As angry and acerbic as ever, vocalist and guitarist John-Paul Hughes says of the themes explored on the album: We are living in unprecedented times. This age of greed, individualism, fear, ignorance and manipulation of the masses has brought us to the point we are electing predatory liars and con men who bully and discriminate, then wear it as a badge of honour. They encourage and embolden others to follow suit then wash their hands of the consequences like some fucking modern-day Pontius Pilate and his privileged prick pals. We live in a society that denies climate change. We make stupid people famous. The Sun is the best-selling newspaper. Ed Sheeran is named ‘artist of the decade’. There are more food banks than McDonalds in the UK. The whole shit house is going up in flames whilst fuckwits watch Love Island and flick through which filter to apply to their latest selfie.

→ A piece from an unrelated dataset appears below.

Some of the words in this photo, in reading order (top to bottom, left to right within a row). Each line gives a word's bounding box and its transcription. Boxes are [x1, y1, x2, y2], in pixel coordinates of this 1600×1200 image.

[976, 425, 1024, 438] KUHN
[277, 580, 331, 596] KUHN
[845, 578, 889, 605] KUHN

As such, JP says the album – made at Glasgow’s Anchor Lane Studio with Luigi Pasquini (The Cosmic Dead, Trembling Bells, Acid Cannibals) – is inspired by “the rejection of mediocrity and mundanity. A shared spirit of rebellion that things can be better and the fucking balls to make it happen.” So, how do Helicon go about sticking a finger to the mediocre? Through a shape-shifting blast of transcendental sitar, oscillating synths, motorik bass-lines, echo-soaked vocals and huge walls of guitar thick with phaser and fuzz, cranked all the way up to 11, as per.

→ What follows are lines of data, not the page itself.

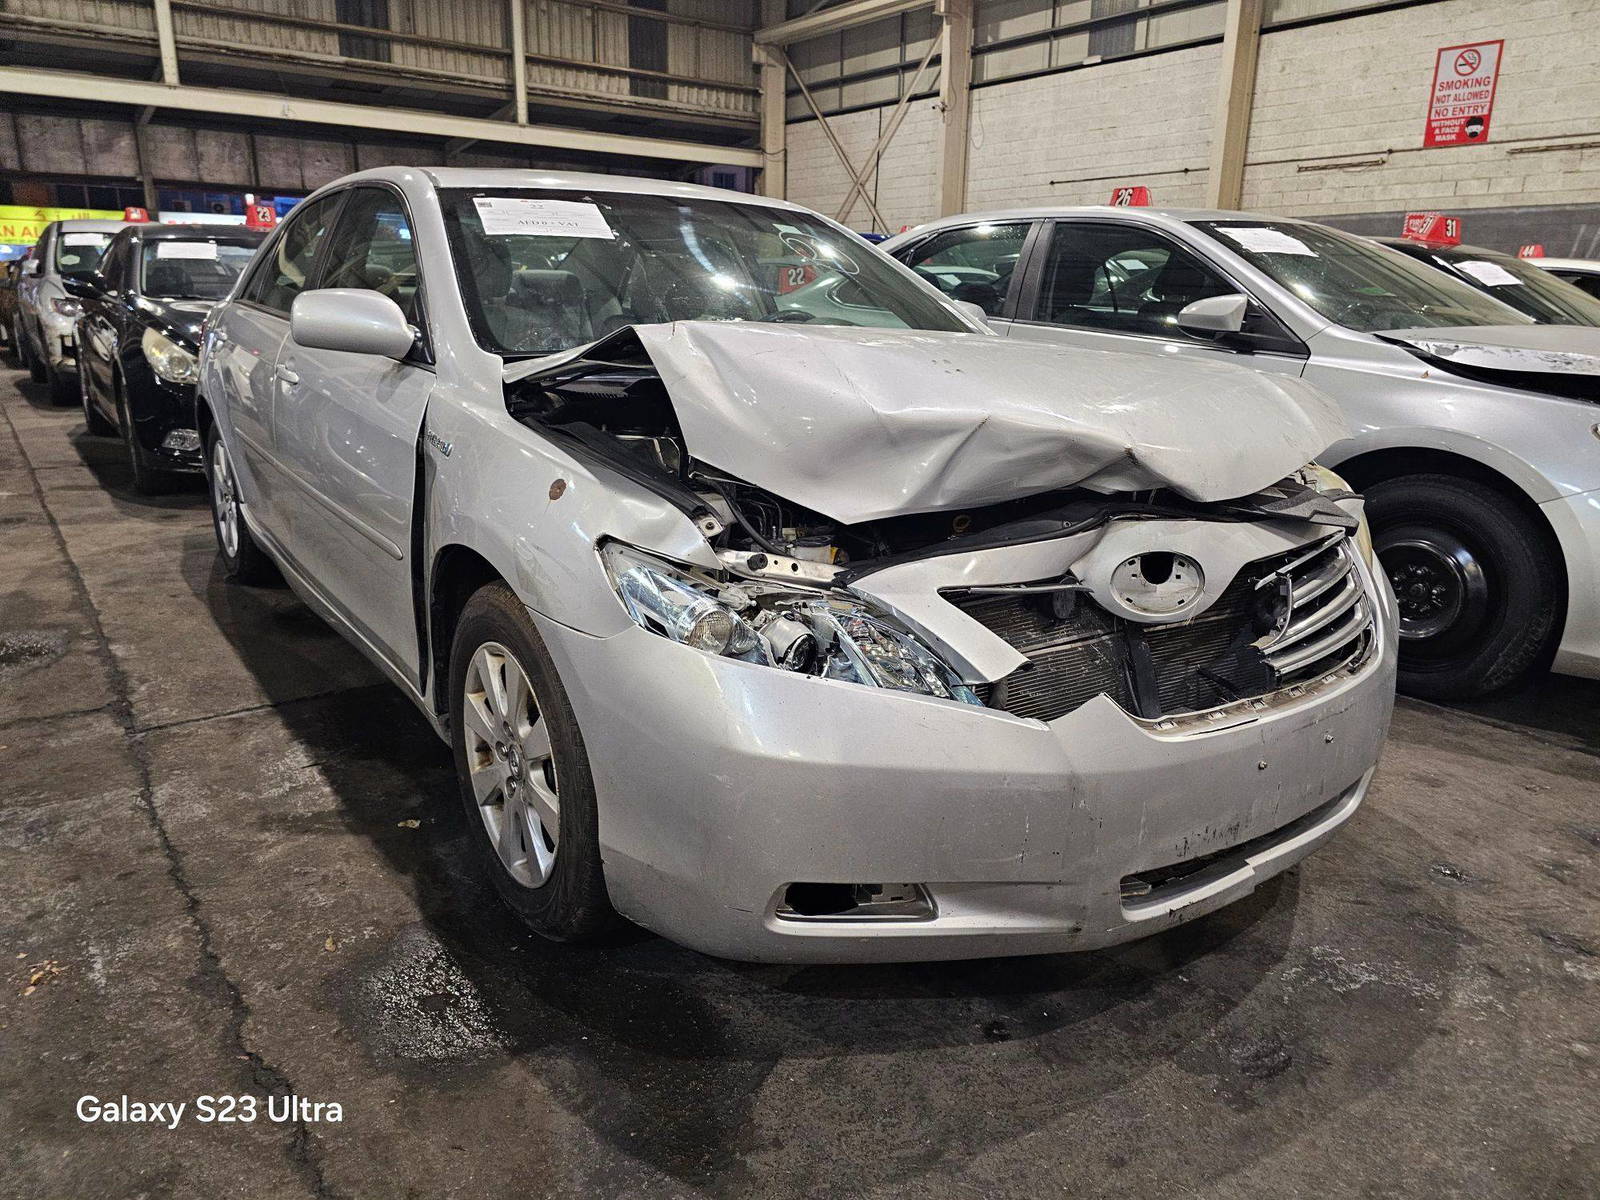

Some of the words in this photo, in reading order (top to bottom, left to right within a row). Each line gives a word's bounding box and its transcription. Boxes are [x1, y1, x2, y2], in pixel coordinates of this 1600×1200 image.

[1438, 76, 1491, 92] SMOKING
[1434, 94, 1451, 104] NOT
[1452, 90, 1490, 102] ALLOWED
[1434, 108, 1449, 118] NO
[1451, 104, 1487, 115] ENTRY
[1431, 118, 1466, 128] WITHOUT
[1114, 188, 1133, 208] 26
[256, 207, 271, 222] 23
[1445, 218, 1457, 238] 31
[788, 268, 805, 286] 22
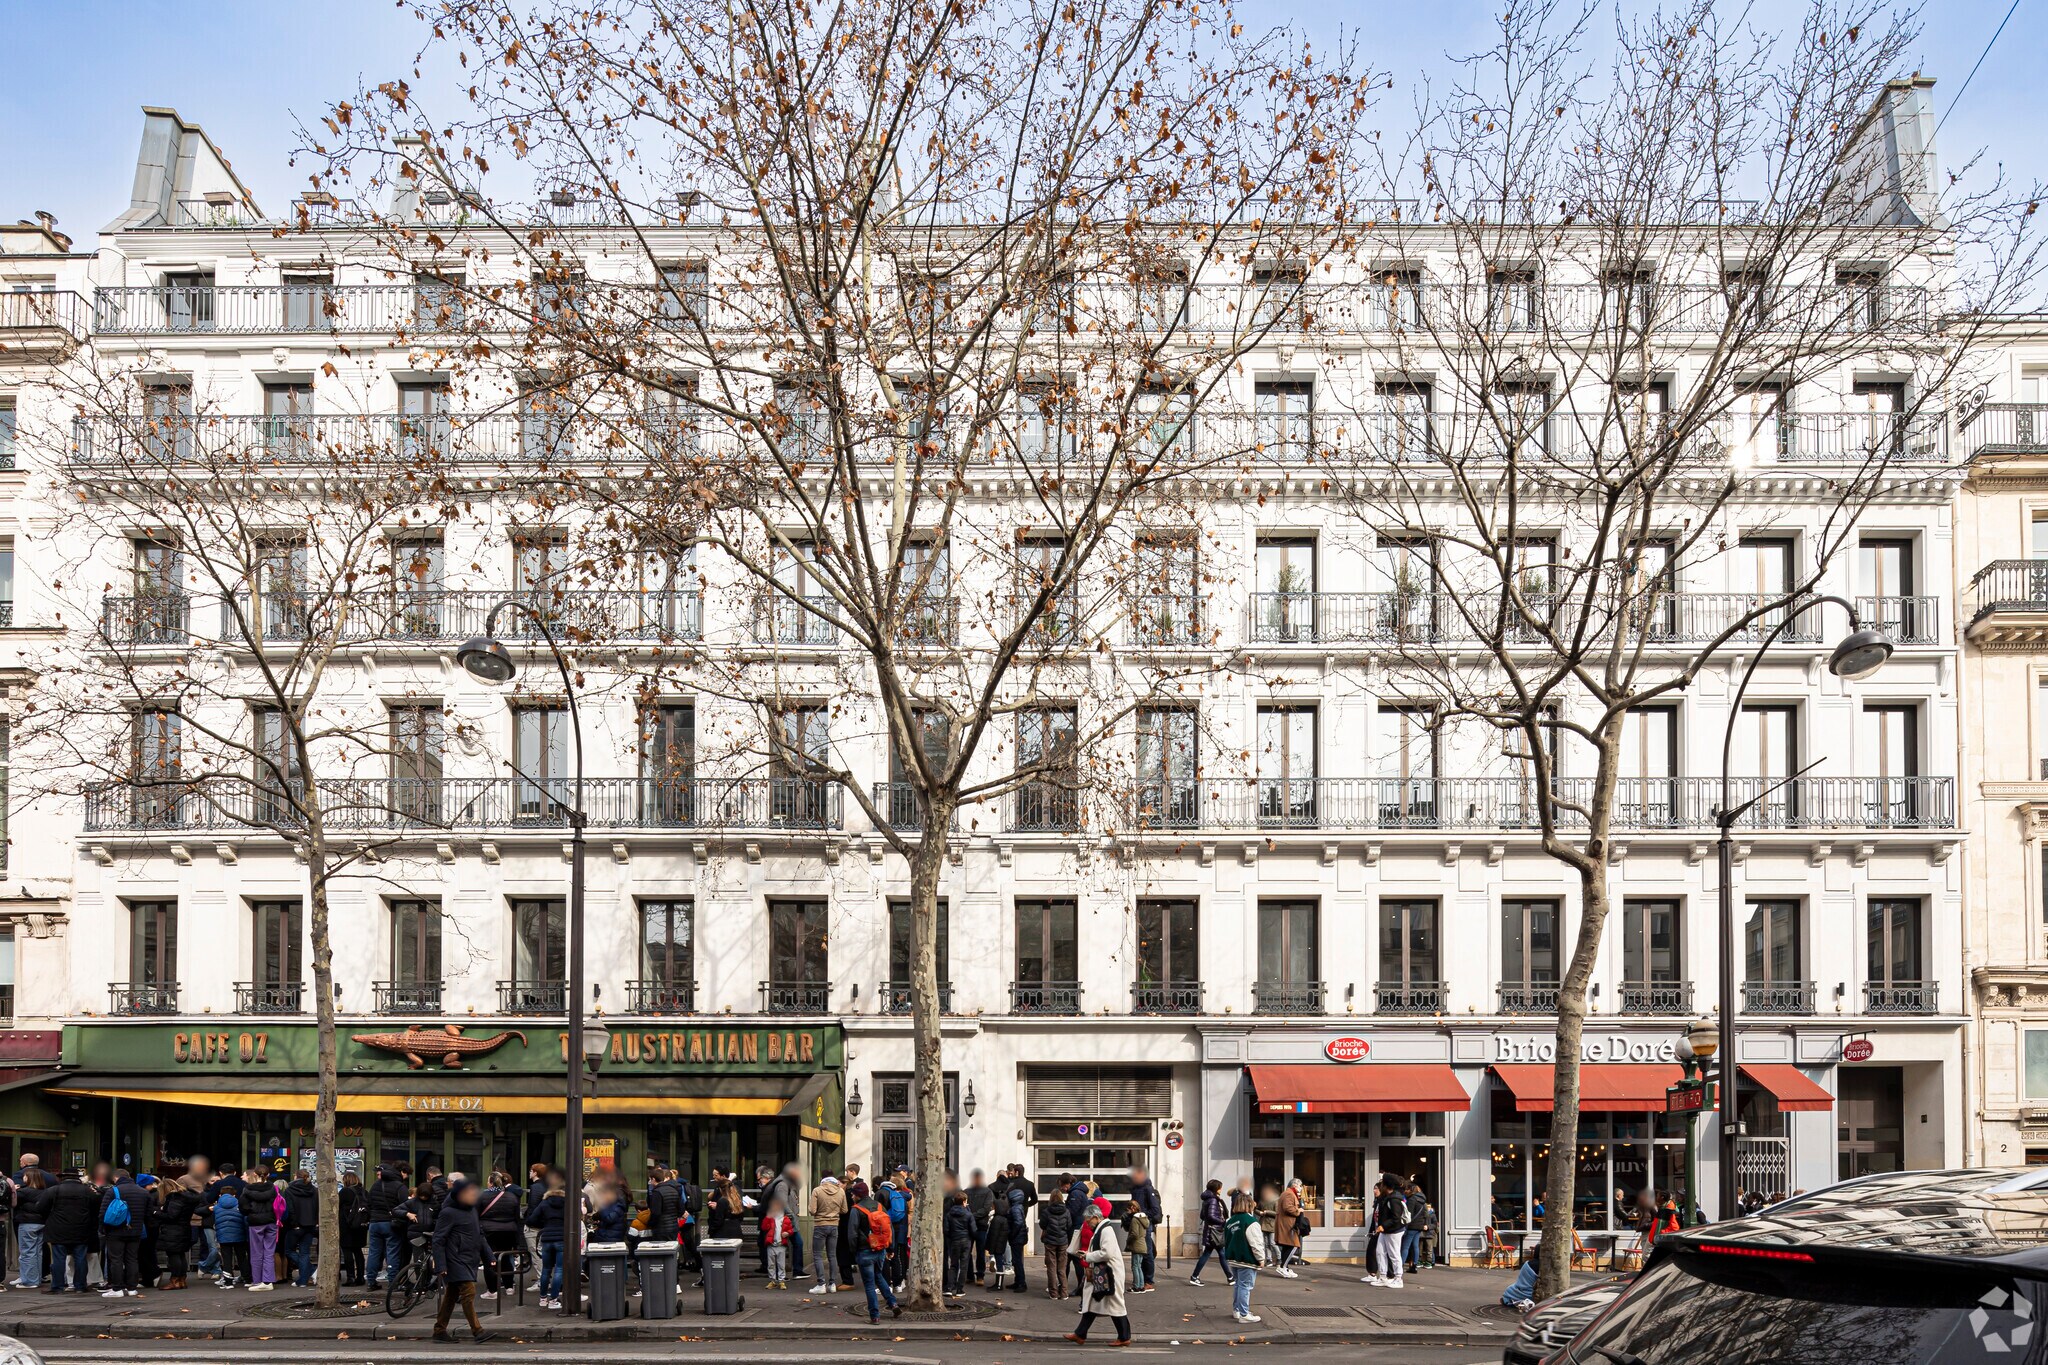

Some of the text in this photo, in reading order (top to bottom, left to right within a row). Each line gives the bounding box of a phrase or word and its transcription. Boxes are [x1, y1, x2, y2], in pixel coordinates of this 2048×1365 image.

[174, 1032, 268, 1063] CAFE OZ
[610, 1033, 757, 1063] AUSTRALIAN
[767, 1033, 814, 1063] BAR
[1332, 1047, 1366, 1056] Dorée
[1495, 1036, 1681, 1062] Brioe Doré
[1847, 1050, 1870, 1059] Dorée
[406, 1097, 482, 1110] CAFE OZ
[2000, 1143, 2008, 1153] 2

Mirroring the times it’ll be released into, This Can Only Lead to Chaos is an often dark and foreboding affair. Take the menacing instrumental album-opener ‘Sound of Confession’ which “sets the tone of impending doom” and the warped, swirling noise of lead-single ‘What You Love Will Kill You’, described as a “cautionary tale on the pursuit of excess.” That’s not to say there aren’t moments of optimism though, the glorious sitar-heavy jam ‘The Sun Also Rises’ being a fine example; acting as a much-needed reminder that “in dark times there is always hope.” In-between the more esoteric moments in which they cite inspiration from Aleister Crowley, Thelema and Magick (see tracks like ‘In The End’ and ‘Bardo Thodol’), the band are also masters at dealing in an often-hilarious, tripped-out hedonism, both thematically and sonically.

‘Glasgow Uni Accent’ isa little social commentary on the fake, pretentious mystery dialect adopted by wannabe middle-class hipster pricks in Glasgow” and the huge, anthemic ‘Pure Filth’ is a “story of obsession channeling Ken Kesey and The Merry Pranksters’. All before the off-kilter, psychedelic ambient of ‘Cosmic John’ brings the record to a suitably experimental close. The closing track described as a “wander full of wonder through the mind of a maniac, featuring a conversation about Joan Collins and the Illuminati living under Denver Airport.” On their new album, Helicon have emerged with a record that sees them at their most forthright and ambitious and–delivered with the kind of wit only five disgruntled Glasweigians could muster–it couldn’t have arrived at a better time.